La guerre a déjà été une occupation ordinaire, une activité parmi tant d’autres. Que de chefs d’état, dans les temps anciens, ont déclaré la guerre pour affirmer leur pouvoir, imposer leur puissance ou simplement pour occuper leurs soldats. Oui pour occuper leurs soldats! Le désoeuvrement était plus catastrophique que la guerre. Celle-ci était mauvaise à l’époque, mais c’était une occupation de loisir, une distraction, un moyen de rallier.
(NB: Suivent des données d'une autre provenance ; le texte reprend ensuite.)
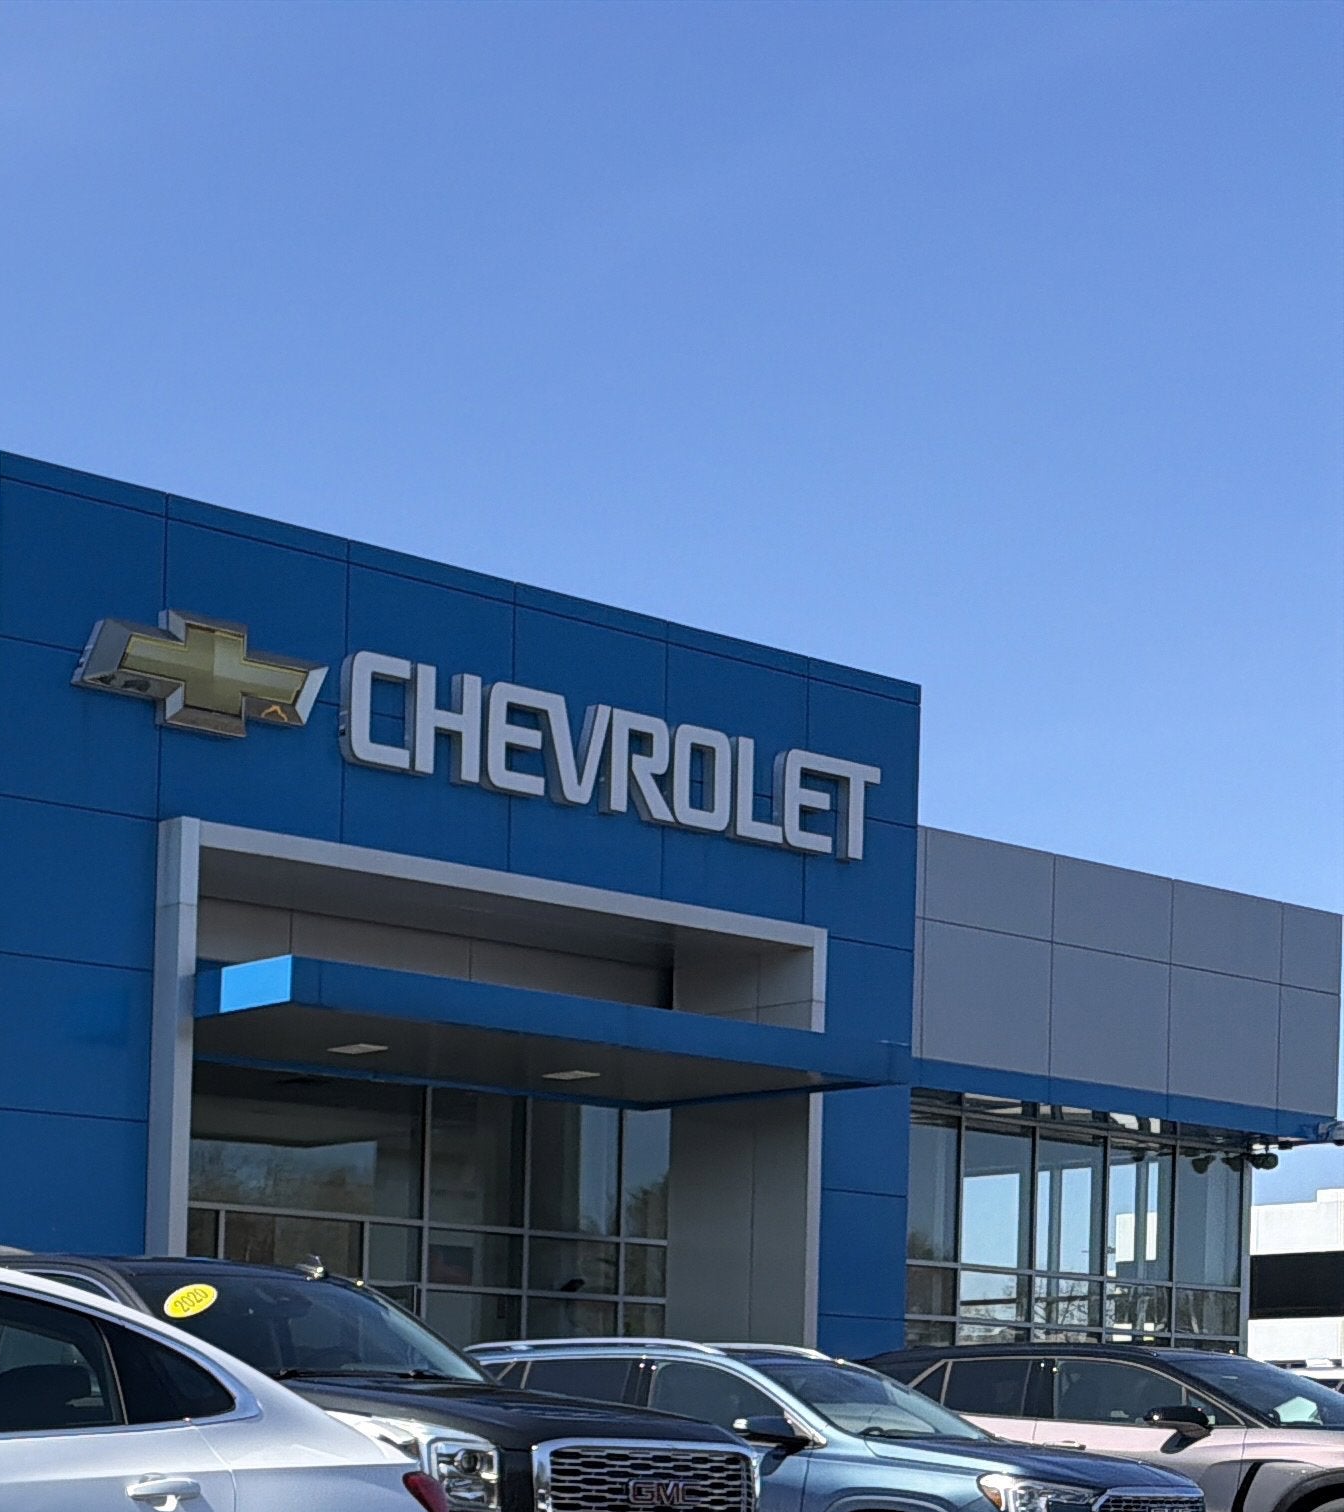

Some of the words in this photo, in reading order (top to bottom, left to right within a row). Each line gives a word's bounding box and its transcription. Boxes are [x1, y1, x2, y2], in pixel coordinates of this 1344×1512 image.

[341, 650, 882, 861] CHEVROLET
[173, 1288, 209, 1313] 2020
[628, 1479, 703, 1506] GMC
Que de rois, que d’empereurs ont lancé leurs troupes pour divers motifs. Des motifs inavouables comme de vouloir s’emparer d’un endroit stratégique ou d’un butin fabuleux. On faisait alors la guerre comme des brigands dévalisent les riches. Il existait aussi des motifs avouables: que de guerres ont eu lieu pour le seul motif de mobiliser le peuple, l’animer de patriotisme et développer sa fierté, forger son identité et assurer son appartenance. Les rois ont compris rapidement qu’on unit un peuple en l’entraînant dans un projet commun.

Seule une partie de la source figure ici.